START Data records

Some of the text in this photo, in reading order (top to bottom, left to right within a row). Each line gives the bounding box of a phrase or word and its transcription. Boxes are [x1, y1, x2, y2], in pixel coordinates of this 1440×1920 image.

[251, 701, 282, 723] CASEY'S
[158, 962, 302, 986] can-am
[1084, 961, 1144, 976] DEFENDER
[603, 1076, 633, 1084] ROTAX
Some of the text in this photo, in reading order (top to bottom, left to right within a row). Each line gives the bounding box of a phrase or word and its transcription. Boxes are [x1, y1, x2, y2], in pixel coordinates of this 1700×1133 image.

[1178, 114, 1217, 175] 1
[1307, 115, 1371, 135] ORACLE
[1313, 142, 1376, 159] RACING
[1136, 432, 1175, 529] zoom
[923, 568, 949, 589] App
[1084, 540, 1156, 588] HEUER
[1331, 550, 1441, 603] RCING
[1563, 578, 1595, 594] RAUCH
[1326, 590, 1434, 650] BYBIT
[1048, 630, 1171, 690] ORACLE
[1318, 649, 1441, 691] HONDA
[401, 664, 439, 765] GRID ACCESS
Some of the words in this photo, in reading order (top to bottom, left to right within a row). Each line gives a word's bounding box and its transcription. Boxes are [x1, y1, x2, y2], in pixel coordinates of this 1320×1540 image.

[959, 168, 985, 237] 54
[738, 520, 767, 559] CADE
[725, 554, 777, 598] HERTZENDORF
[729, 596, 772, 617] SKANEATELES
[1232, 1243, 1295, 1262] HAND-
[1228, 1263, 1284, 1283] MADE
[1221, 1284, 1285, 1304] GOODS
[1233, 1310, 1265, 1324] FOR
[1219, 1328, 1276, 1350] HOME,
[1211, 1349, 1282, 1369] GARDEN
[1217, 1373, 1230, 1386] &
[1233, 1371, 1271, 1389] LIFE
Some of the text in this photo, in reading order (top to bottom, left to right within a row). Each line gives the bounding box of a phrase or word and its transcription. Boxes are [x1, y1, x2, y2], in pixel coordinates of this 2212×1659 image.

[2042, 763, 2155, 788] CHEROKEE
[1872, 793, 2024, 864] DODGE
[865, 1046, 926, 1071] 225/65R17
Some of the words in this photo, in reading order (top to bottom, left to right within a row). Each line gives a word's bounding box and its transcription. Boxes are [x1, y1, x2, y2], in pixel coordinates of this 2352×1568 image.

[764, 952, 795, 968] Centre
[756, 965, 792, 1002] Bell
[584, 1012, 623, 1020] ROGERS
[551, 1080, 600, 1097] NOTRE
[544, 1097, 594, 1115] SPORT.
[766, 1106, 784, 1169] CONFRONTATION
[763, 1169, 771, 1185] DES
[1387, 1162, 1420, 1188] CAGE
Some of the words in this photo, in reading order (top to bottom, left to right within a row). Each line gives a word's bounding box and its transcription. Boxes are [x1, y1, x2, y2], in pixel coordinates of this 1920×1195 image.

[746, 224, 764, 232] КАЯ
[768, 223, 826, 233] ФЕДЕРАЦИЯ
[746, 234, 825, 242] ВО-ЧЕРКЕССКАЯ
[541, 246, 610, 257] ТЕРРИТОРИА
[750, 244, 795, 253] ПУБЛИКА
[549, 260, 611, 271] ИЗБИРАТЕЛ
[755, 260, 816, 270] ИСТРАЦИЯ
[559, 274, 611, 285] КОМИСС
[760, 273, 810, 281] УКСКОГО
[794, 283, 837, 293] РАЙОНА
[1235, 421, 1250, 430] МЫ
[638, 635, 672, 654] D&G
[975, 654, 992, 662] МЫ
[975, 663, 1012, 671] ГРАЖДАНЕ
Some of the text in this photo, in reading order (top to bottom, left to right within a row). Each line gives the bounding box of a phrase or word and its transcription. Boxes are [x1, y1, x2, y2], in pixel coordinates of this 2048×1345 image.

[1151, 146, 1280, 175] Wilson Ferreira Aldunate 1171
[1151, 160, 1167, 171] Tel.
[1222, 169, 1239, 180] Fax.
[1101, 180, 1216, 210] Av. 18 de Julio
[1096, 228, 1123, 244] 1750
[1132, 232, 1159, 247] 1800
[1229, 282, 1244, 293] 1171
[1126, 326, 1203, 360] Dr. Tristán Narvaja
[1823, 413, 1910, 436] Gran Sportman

END Data records

All the entries are to be set down exactly as they appear.

> _Exercise answer_:
Some of the text in this photo, in reading order (top to bottom, left to right within a row). Each line gives the bounding box of a phrase or word and its transcription. Boxes are [x1, y1, x2, y2], in pixel coordinates of this 1440×1920 image.

[251, 701, 282, 723] CASEY'S
[158, 962, 302, 986] can-am
[1084, 961, 1144, 976] DEFENDER
[603, 1076, 633, 1084] ROTAX
Some of the text in this photo, in reading order (top to bottom, left to right within a row). Each line gives the bounding box of a phrase or word and its transcription. Boxes are [x1, y1, x2, y2], in pixel coordinates of this 1700×1133 image.

[1178, 114, 1217, 175] 1
[1307, 115, 1371, 135] ORACLE
[1313, 142, 1376, 159] RACING
[1136, 432, 1175, 529] zoom
[923, 568, 949, 589] App
[1084, 540, 1156, 588] HEUER
[1331, 550, 1441, 603] RCING
[1563, 578, 1595, 594] RAUCH
[1326, 590, 1434, 650] BYBIT
[1048, 630, 1171, 690] ORACLE
[1318, 649, 1441, 691] HONDA
[401, 664, 439, 765] GRID ACCESS
Some of the words in this photo, in reading order (top to bottom, left to right within a row). Each line gives a word's bounding box and its transcription. Boxes are [x1, y1, x2, y2], in pixel coordinates of this 1320×1540 image.

[959, 168, 985, 237] 54
[738, 520, 767, 559] CADE
[725, 554, 777, 598] HERTZENDORF
[729, 596, 772, 617] SKANEATELES
[1232, 1243, 1295, 1262] HAND-
[1228, 1263, 1284, 1283] MADE
[1221, 1284, 1285, 1304] GOODS
[1233, 1310, 1265, 1324] FOR
[1219, 1328, 1276, 1350] HOME,
[1211, 1349, 1282, 1369] GARDEN
[1217, 1373, 1230, 1386] &
[1233, 1371, 1271, 1389] LIFE
Some of the text in this photo, in reading order (top to bottom, left to right within a row). Each line gives the bounding box of a phrase or word and its transcription. Boxes are [x1, y1, x2, y2], in pixel coordinates of this 2212×1659 image.

[2042, 763, 2155, 788] CHEROKEE
[1872, 793, 2024, 864] DODGE
[865, 1046, 926, 1071] 225/65R17
Some of the words in this photo, in reading order (top to bottom, left to right within a row). Each line gives a word's bounding box and its transcription. Boxes are [x1, y1, x2, y2], in pixel coordinates of this 2352×1568 image.

[764, 952, 795, 968] Centre
[756, 965, 792, 1002] Bell
[584, 1012, 623, 1020] ROGERS
[551, 1080, 600, 1097] NOTRE
[544, 1097, 594, 1115] SPORT.
[766, 1106, 784, 1169] CONFRONTATION
[763, 1169, 771, 1185] DES
[1387, 1162, 1420, 1188] CAGE
Some of the words in this photo, in reading order (top to bottom, left to right within a row). Each line gives a word's bounding box and its transcription. Boxes are [x1, y1, x2, y2], in pixel coordinates of this 1920×1195 image.

[746, 224, 764, 232] КАЯ
[768, 223, 826, 233] ФЕДЕРАЦИЯ
[746, 234, 825, 242] ВО-ЧЕРКЕССКАЯ
[541, 246, 610, 257] ТЕРРИТОРИА
[750, 244, 795, 253] ПУБЛИКА
[549, 260, 611, 271] ИЗБИРАТЕЛ
[755, 260, 816, 270] ИСТРАЦИЯ
[559, 274, 611, 285] КОМИСС
[760, 273, 810, 281] УКСКОГО
[794, 283, 837, 293] РАЙОНА
[1235, 421, 1250, 430] МЫ
[638, 635, 672, 654] D&G
[975, 654, 992, 662] МЫ
[975, 663, 1012, 671] ГРАЖДАНЕ
Some of the text in this photo, in reading order (top to bottom, left to right within a row). Each line gives the bounding box of a phrase or word and its transcription. Boxes are [x1, y1, x2, y2], in pixel coordinates of this 2048×1345 image.

[1151, 146, 1280, 175] Wilson Ferreira Aldunate 1171
[1151, 160, 1167, 171] Tel.
[1222, 169, 1239, 180] Fax.
[1101, 180, 1216, 210] Av. 18 de Julio
[1096, 228, 1123, 244] 1750
[1132, 232, 1159, 247] 1800
[1229, 282, 1244, 293] 1171
[1126, 326, 1203, 360] Dr. Tristán Narvaja
[1823, 413, 1910, 436] Gran Sportman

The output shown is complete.